Solitary wave phenomena had been a 19th-century mystery dating back to work by John Scott Russell who, in 1834, observed what we now call a soliton, propagating in a canal, and chased it on horseback. In spite of his observations of solitons in wave tank experiments, Scott Russell never recognized them as such, because of his focus on the "great wave of translation," the largest amplitude solitary wave. His experimental observations, presented in his Report on Waves to the British Association for the Advancement of Science in 1844, were viewed with skepticism by George Airy and George Stokes because their linear water wave theories were unable to explain them. Joseph Boussinesq (1871) and Lord Rayleigh (1876) published mathematical theories justifying Scott Russell's observations. In 1895, Diederik Korteweg and Gustav de Vries formulated the KdV equation to describe shallow water waves (such as the waves in the canal observed by Russell), but the essential properties of this equation were not understood until the work of Kruskal and his collaborators in the 1960s.

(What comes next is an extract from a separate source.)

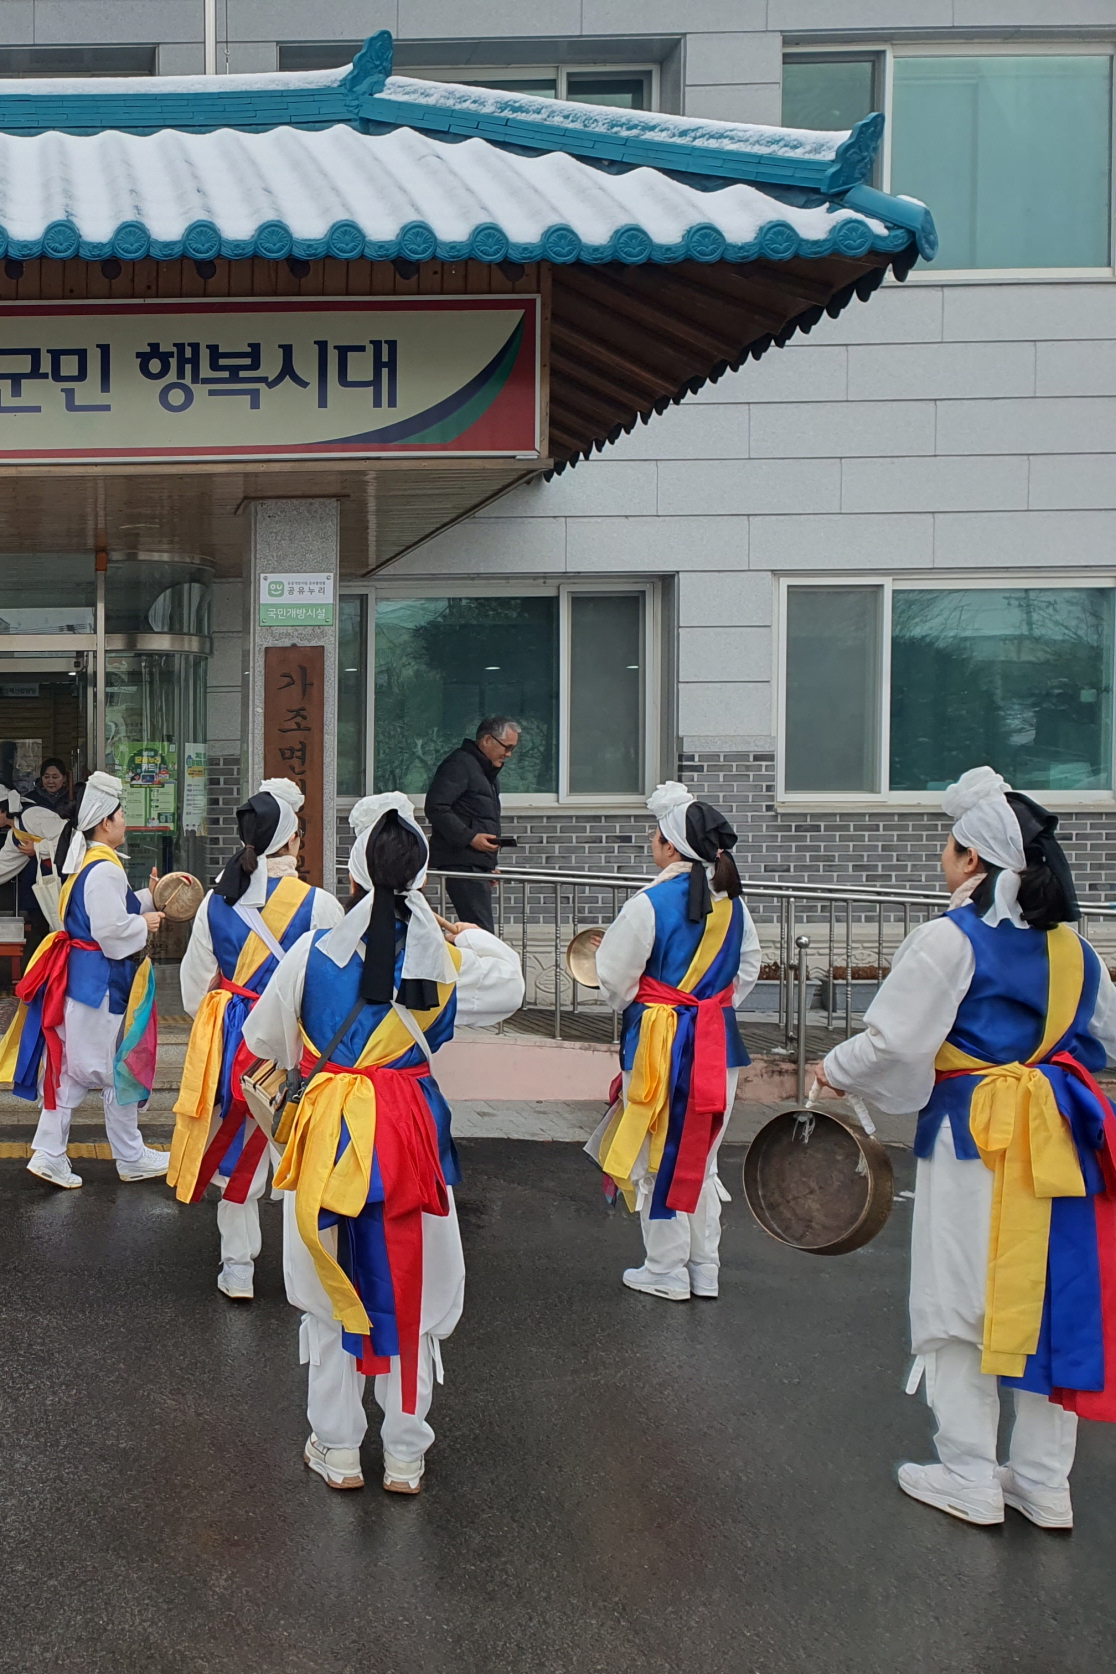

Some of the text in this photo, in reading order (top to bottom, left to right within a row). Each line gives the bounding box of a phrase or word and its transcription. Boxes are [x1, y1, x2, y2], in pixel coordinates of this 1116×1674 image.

[134, 339, 398, 413] 행복시대
[286, 586, 326, 596] 공유누리
[266, 608, 326, 620] 국민개방시설

Solitonic behavior suggested that the KdV equation must have conservation laws beyond the obvious conservation laws of mass, energy, and momentum. A fourth conservation law was discovered by Gerald Whitham and a fifth one by Kruskal and Zabusky. Several new conservation laws were discovered by hand by Robert Miura, who also showed that many conservation laws existed for a related equation known as the Modified Korteweg–de Vries (MKdV) equation. With these conservation laws, Miura showed a connection (called the Miura transformation) between solutions of the KdV and MKdV equations. This was a clue that enabled Kruskal, with Clifford S. Gardner, John M. Greene, and Miura (GGKM), to discover a general technique for exact solution of the KdV equation and understanding of its conservation laws. This was the inverse scattering method, a surprising and elegant method that demonstrates that the KdV equation admits an infinite number of Poisson-commuting conserved quantities and is completely integrable. This discovery gave the modern basis for understanding of the soliton phenomenon: the solitary wave is recreated in the outgoing state because this is the only way to satisfy all of the conservation laws. Soon after GGKM, Peter Lax famously interpreted the inverse scattering method in terms of isospectral deformations and Lax pairs.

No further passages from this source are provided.